Le manovre del «gruppo di potere occulto» andarono a vuoto anche sul ricorso presentato alla Corte d’Appello di Milano dalla lista del presidente della Lombardia, Roberto Formigoni, contro l’esclusione dalle elezioni regionali. Manovre alle quali, nell’interpretazione dell’accusa, ha partecipato anche il presidente-candidato che il 1˚ marzo 2010 parla con Arcangelo Martino, uno dei tre arrestati, e chiede: «Ma l’amico, l’amico… Lombardi, è in grado di agire?». Martino risponde: «Sì, sì, lui ha già fatto qualche passaggio e sarà lì». L’indomani Pasquale Lombardi è a Milano per incontrare il presidente della Corte d’Appello Alfonso Marra, da poco nominato e a favore del quale s’erano adoperati gli indagati.

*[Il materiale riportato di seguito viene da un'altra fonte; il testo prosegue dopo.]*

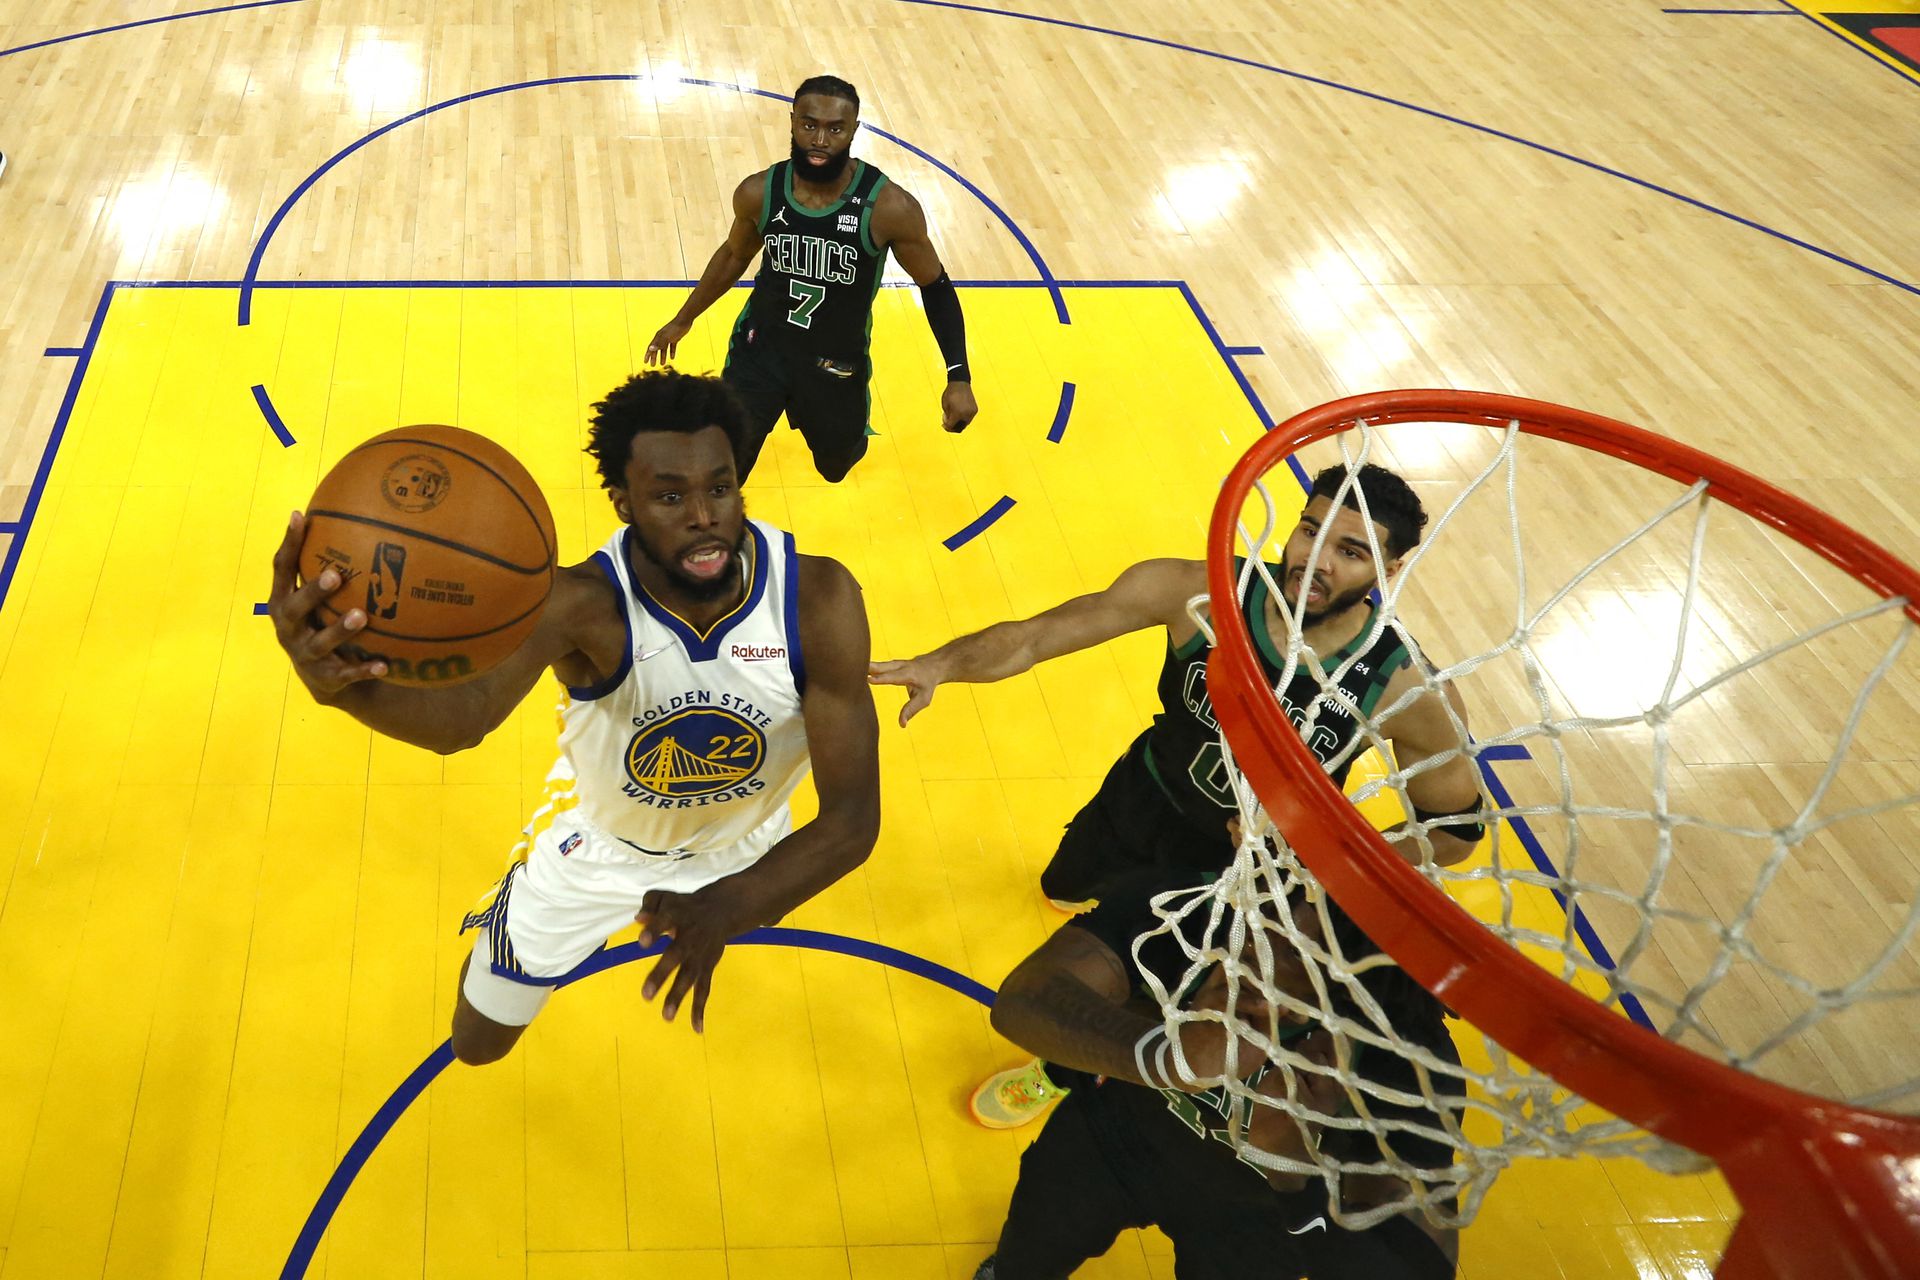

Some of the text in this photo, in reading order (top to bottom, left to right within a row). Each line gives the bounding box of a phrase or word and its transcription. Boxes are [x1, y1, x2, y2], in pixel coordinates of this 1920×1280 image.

Sempre il 1˚ marzo Lombardi annuncia al sottosegretario alla Giustizia Giacomo Caliendo le proprie mosse per orientare la decisione della commissione sul ricorso: «Aggio mandato a dicere cu Santamaria a Fofò (Santamaria è un altro giudice e Fofò è Alfonso Marra, ndr) che chiamasse a ’sti tre quattro scemi e non dessero fastidio». Ma l’operazione non va in porto, e Martino si sfoga con Lombardi, entrambi con colorite espressioni campane: «Comunque diciamo che la figura di merda l’amme fatta nujie cu’ chille d’a Corte d’appello», dice. E Lombardi, rivendicando il proprio operato: «Ci siamo prodigati, e quindi nun s’a ponno piglia’ cu’ nuje».

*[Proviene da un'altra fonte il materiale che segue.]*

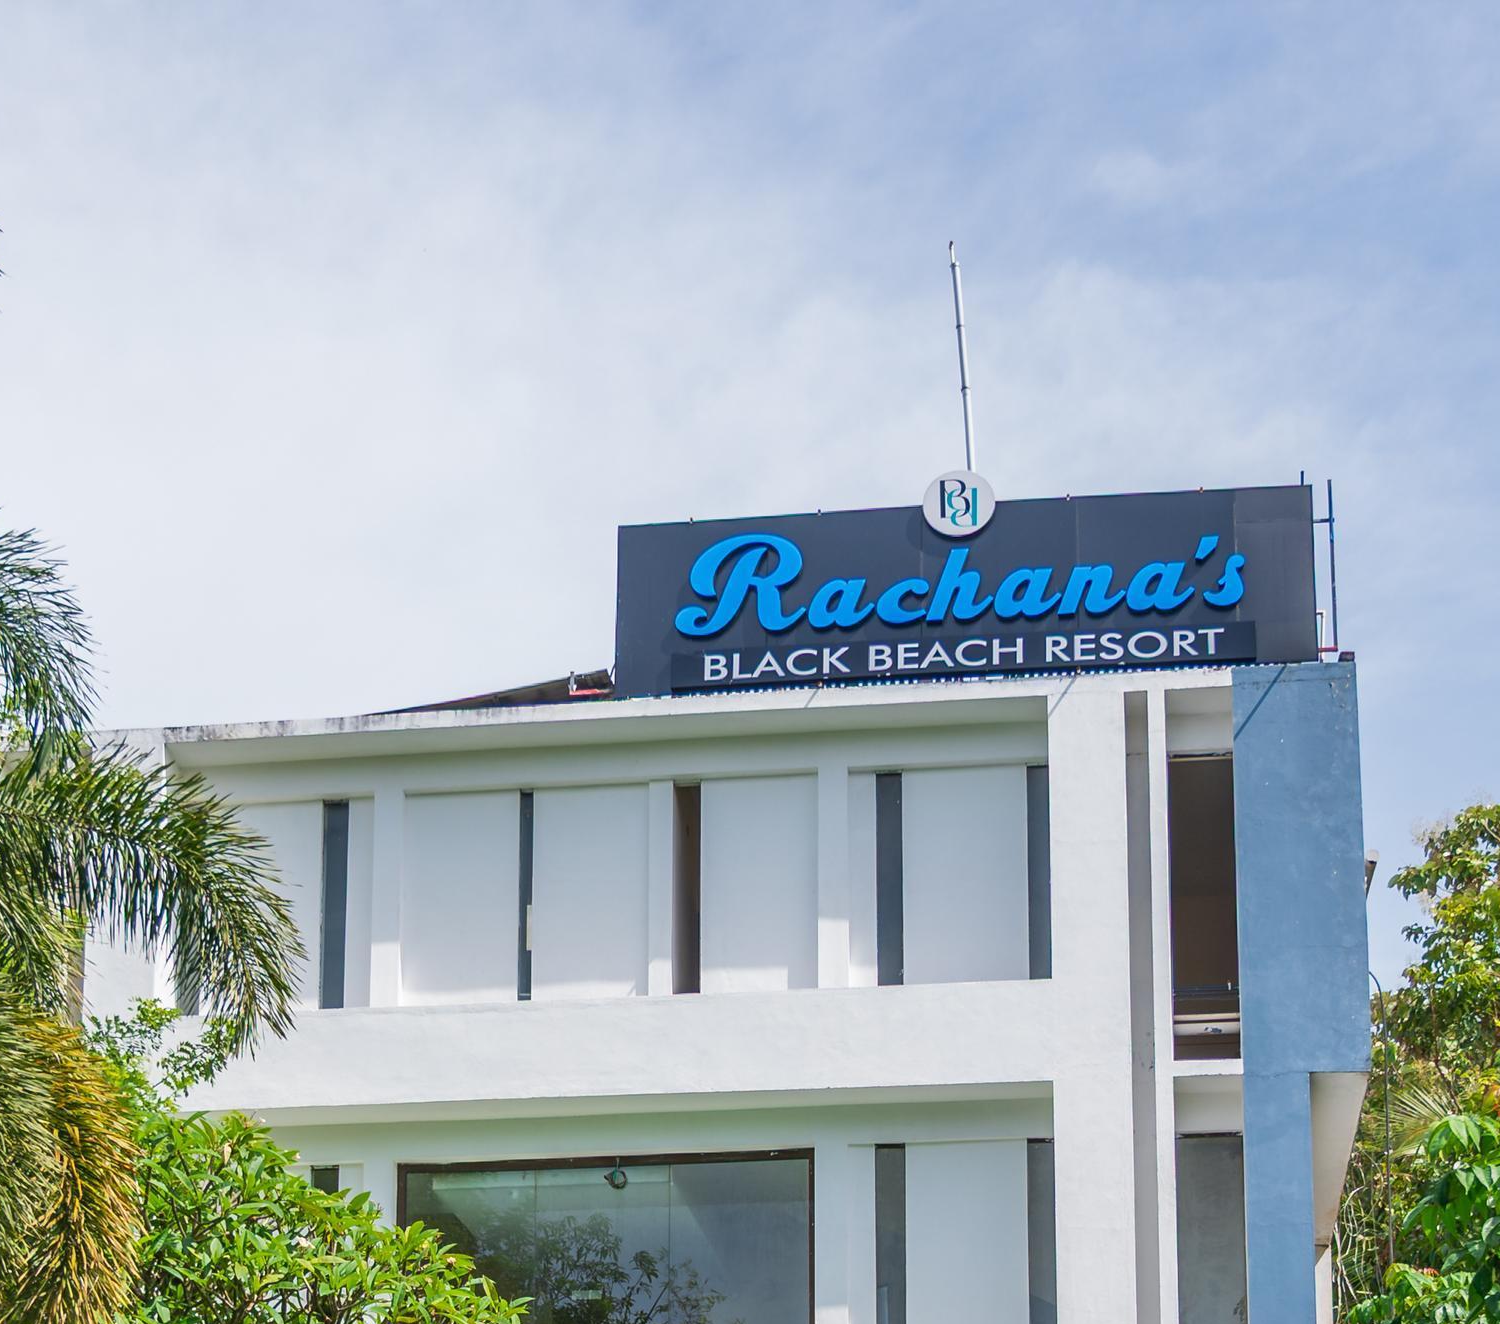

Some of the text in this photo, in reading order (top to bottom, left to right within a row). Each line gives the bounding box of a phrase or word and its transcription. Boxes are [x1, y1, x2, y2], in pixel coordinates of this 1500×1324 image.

[674, 533, 1246, 637] Rachana's
[703, 627, 1225, 682] BLACK BEACH RESORT

Per un’ispezione fallita c’è invece una nomina ottenuta, sebbene sia difficile—o quasi impossibile—stabilire se e quanto le manovre della lobby segreta abbiano inciso sulla decisione del Consiglio superiore della magistratura di mettere a capo della Corte d’Appello di Milano il giudice Alfonso Marra. In una telefonata del 21 ottobre col consigliere «laico» Celestina Tinelli, indicata dall’Ulivo, Pasquale Lombardi capisce che a orientare la scelta finale può essere il «togato » della corrente di Unicost Giuseppe Berruti, favorevole all’altro candidato, il giudice Rordorf. «E mo’ facciamo chiamare pure a Berruti! Devo vedere come devo fare», dice. «È un casino, nel vero senso della parola — risponde la Tinelli —. Lui ha già dato il suo input forte, e quindi anche Mancino (vice-presidente del Csm, ndr) sta ragionando nel senso di votare per questo Rordorf…».

Il giorno dopo Lombardi parla direttamente con Marra. «S’à da vedé che s’à da fa cu’ Berruti, perché l’unico stronzo in questo momento è lui e la Maccora (di Magistratura democratica, ndr)». Ribatte Marra: «Ma la Maccora lascia sta’, è di un’altra corrente (…) Parla con Berruti, bisogna avvicinare ’sto cazzo di Berruti, capito che ti voglio dì? Io, Pasquali’, non so che cazzo fare…». Lombardi ha un’idea: «Chist’ tene ’u frate che è deputato di Berlusconi (Massimo Berruti, parlamentare del Pdl, ndr)», ma Marra lo frena: «No, vabbuo’, famm’ ’o favore, tiriamo fuori il fratello, senti a me». Lombardi gioca allora la carta del suo rapporto col presidente della Cassazione Vincenzo Carbone: «Io lu pizziatone… te l’aggio fatto col capo, quindi siamo a posto… Capo Cassazione». E Lombardi: «Se è quello lì siamo a posto». In altre telefonate Lombardi sostiene di aver parlato «di quella cosa di Milano» anche con Nicola Mancino. Il 3 febbraio 2010, con una maggioranza di 14 voti contro 12, il Csm nomina Marra. A suo favore si esprimono, fra gli altri, Mancino, Carbone e la Tinelli, mentre Berruti si schiera con l’altro candidato. Lombardi telefona a Martino: «Allora abbiamo fatto il presidente della corte d’appello… È tutto a posto».

No, non è violazione della privacy, questa. È un’altra cosa.